Assignment: All of the entries are to be repeated exactly, with no pictures included.

Records provided:
★ ★ ★ ★ ★ ★ ★

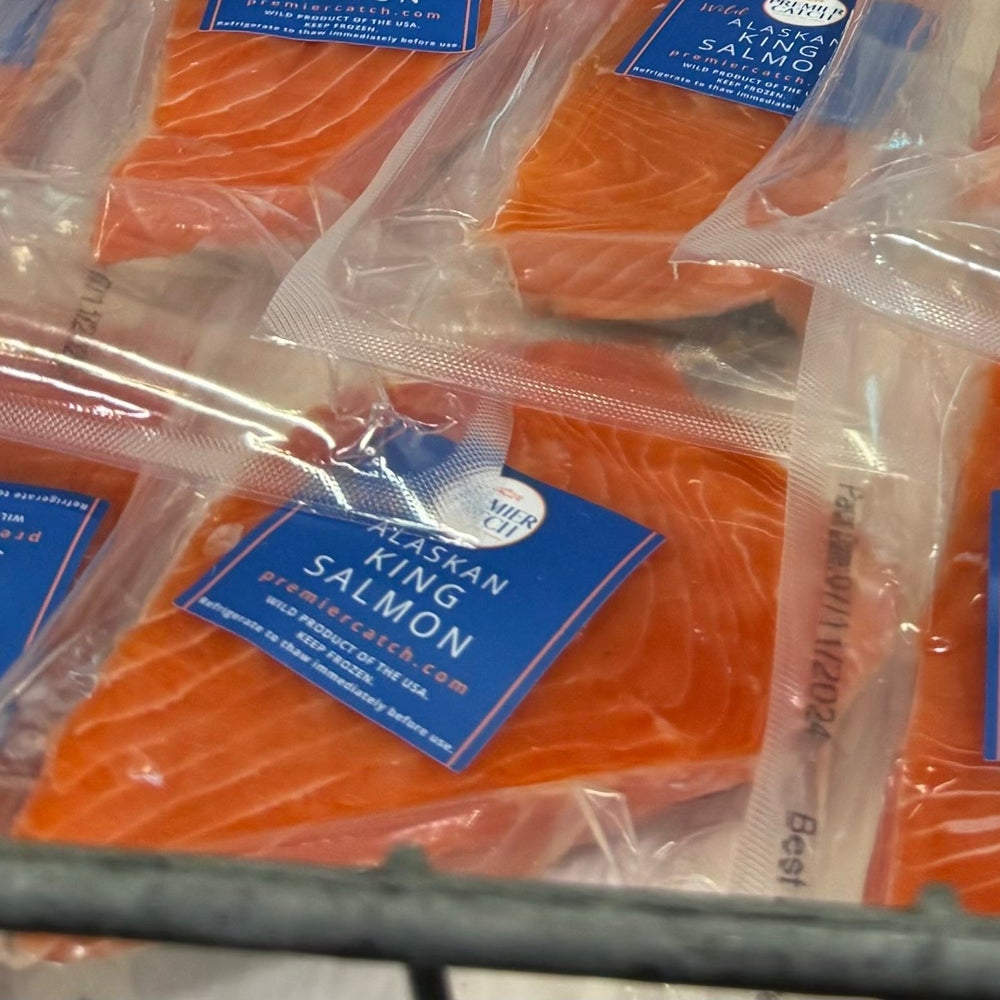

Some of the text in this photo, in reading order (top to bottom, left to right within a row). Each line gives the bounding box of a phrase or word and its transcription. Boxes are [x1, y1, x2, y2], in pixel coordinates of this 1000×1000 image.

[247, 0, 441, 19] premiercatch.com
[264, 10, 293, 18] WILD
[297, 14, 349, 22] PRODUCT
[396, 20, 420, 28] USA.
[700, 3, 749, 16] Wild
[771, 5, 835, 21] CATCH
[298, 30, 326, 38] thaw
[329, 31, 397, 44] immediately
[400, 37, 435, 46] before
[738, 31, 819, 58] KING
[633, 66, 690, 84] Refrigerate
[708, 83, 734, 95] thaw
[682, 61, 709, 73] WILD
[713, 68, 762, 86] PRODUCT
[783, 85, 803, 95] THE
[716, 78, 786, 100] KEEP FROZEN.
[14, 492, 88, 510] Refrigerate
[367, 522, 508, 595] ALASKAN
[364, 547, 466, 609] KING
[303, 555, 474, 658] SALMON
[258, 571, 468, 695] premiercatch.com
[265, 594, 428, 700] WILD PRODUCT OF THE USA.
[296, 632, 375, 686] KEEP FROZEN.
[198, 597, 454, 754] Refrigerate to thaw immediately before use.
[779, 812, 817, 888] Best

★ ★ ★ ★ ★ ★ ★

Response area:
Some of the text in this photo, in reading order (top to bottom, left to right within a row). Each line gives the bounding box of a phrase or word and its transcription. Boxes are [x1, y1, x2, y2], in pixel coordinates of this 1000×1000 image.

[247, 0, 441, 19] premiercatch.com
[264, 10, 293, 18] WILD
[297, 14, 349, 22] PRODUCT
[396, 20, 420, 28] USA.
[700, 3, 749, 16] Wild
[771, 5, 835, 21] CATCH
[298, 30, 326, 38] thaw
[329, 31, 397, 44] immediately
[400, 37, 435, 46] before
[738, 31, 819, 58] KING
[633, 66, 690, 84] Refrigerate
[708, 83, 734, 95] thaw
[682, 61, 709, 73] WILD
[713, 68, 762, 86] PRODUCT
[783, 85, 803, 95] THE
[716, 78, 786, 100] KEEP FROZEN.
[14, 492, 88, 510] Refrigerate
[367, 522, 508, 595] ALASKAN
[364, 547, 466, 609] KING
[303, 555, 474, 658] SALMON
[258, 571, 468, 695] premiercatch.com
[265, 594, 428, 700] WILD PRODUCT OF THE USA.
[296, 632, 375, 686] KEEP FROZEN.
[198, 597, 454, 754] Refrigerate to thaw immediately before use.
[779, 812, 817, 888] Best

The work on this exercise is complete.